Ukraine War: Trouble Expected Again

Many companies weathered the latest wave of the coronavirus pandemic relatively well, and material shortages abated. Due to the Russian invasion of Ukraine, supply chain problems are likely to worsen again in March. Additionally, energy prices increased tremendously as a result of the war. “This is expected to decrease the consumption of private households and the output of energy-intensive industries.”

The Bundesbank does not expect prices to drop quickly: “Due to the war in Ukraine, the inflation rate is likely to continue to rise in the coming months, which is likely to be due in particular to energy prices.”

In February, the annual rate of inflation in Germany again exceeded the five percent mark: consumer prices were 5.1 percent higher than in the same month last year. Consumers had to dig deeper into their pockets for fuel, natural gas and heating oil in particular.

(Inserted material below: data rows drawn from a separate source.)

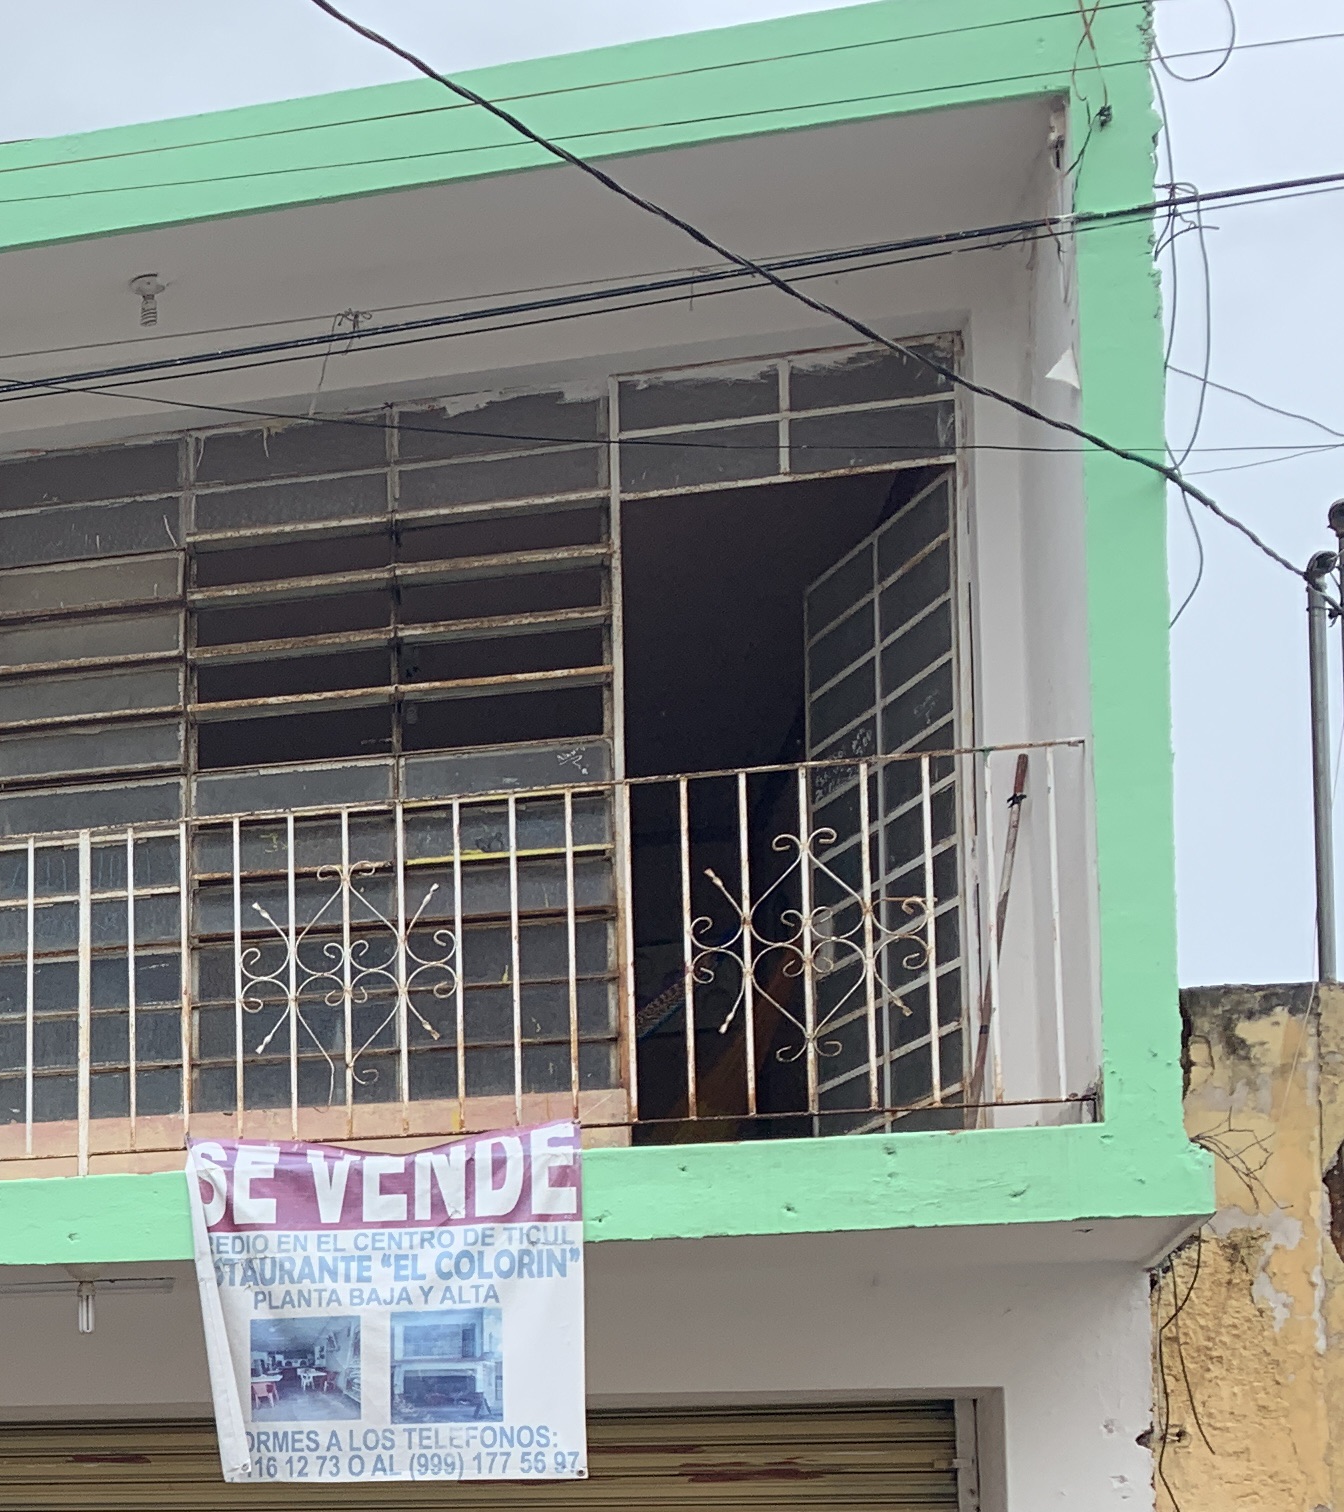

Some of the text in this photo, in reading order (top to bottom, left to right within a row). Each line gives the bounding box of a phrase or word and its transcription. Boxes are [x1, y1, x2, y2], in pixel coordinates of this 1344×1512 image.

[188, 1122, 578, 1228] SE VENDE
[209, 1224, 576, 1255] EDIO EN EL CENTRO DE TICUL
[253, 1284, 500, 1310] PLANTA BAJA Y ALTA
[326, 1429, 343, 1452] A
[349, 1428, 396, 1452] LOS
[403, 1425, 558, 1450] TELEFONOS:
[285, 1456, 309, 1478] 12
[316, 1455, 341, 1478] 73
[370, 1453, 402, 1477] AL
[409, 1451, 464, 1481] (999)
[472, 1451, 512, 1475] 177
[519, 1451, 547, 1474] 56

Food and industrial goods prices are also likely to receive an additional boost as a result of falling wheat exports from Ukraine and Russia or due to further disruptions in supply chains.

Bundesbank chief Nagel on high inflation

In view of the rising trend in inflation, Bundesbank President Joachim Nagel calls for the ultra-loose monetary policy to be eased further. “It is very clear to me: If the price outlook requires it, we must continue to normalize monetary policy and also start raising our key interest rates,” Nagel said Monday afternoon at an event organized by the Deutsche Bundesbank in Hannover, according to a previously distributed speech. “If net purchases end in the third quarter as currently forecast, this opens up the possibility of raising interest rates later this year if necessary.”

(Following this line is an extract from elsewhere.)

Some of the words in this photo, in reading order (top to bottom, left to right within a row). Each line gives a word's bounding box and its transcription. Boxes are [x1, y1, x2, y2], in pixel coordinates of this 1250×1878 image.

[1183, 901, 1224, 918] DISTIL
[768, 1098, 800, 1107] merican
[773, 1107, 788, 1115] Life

At its most recent monetary policy meeting on March 10, the Council of the European Central Bank (ECB), of which Nagel is a member, decided to cut billions of euros worth of central bank bond purchases faster than expected. provided. However, the central bank left open the possibility that interest rates in the euro zone could rise again after years of record lows. She stipulated that an interest rate step did not have to take place automatically after the purchase of new securities had stopped.

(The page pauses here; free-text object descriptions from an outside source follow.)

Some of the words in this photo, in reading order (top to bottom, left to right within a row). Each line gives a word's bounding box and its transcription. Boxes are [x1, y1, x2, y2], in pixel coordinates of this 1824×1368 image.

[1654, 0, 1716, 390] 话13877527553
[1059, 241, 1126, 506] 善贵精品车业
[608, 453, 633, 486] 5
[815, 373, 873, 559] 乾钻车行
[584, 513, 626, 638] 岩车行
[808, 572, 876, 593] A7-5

“In all caution in light of the extraordinary uncertainty: we should not delay exiting very loose monetary policy,” Nagel said. “Otherwise interest rates may have to rise faster or higher later on. However, a sharp rise in interest rates would place a heavier burden on businesses and households. And it could uncover existing vulnerabilities in the financial system and trigger sharp market fluctuations.”

According to Nagel, consumers in Germany will have to be prepared for further price increases in the near future: “Due to the increase in energy prices due to the war, consumer price increases should increase noticeably again, especially in the short term. “. The sharply rising prices are particularly hard on people with low incomes. “Targeted transfers are appropriate to give some particularly hard-hit people some relief,” Nagel said. “However, we in the Governing Council must ensure that strong inflation does not take hold and does not lead to excessive inflation in the medium term.”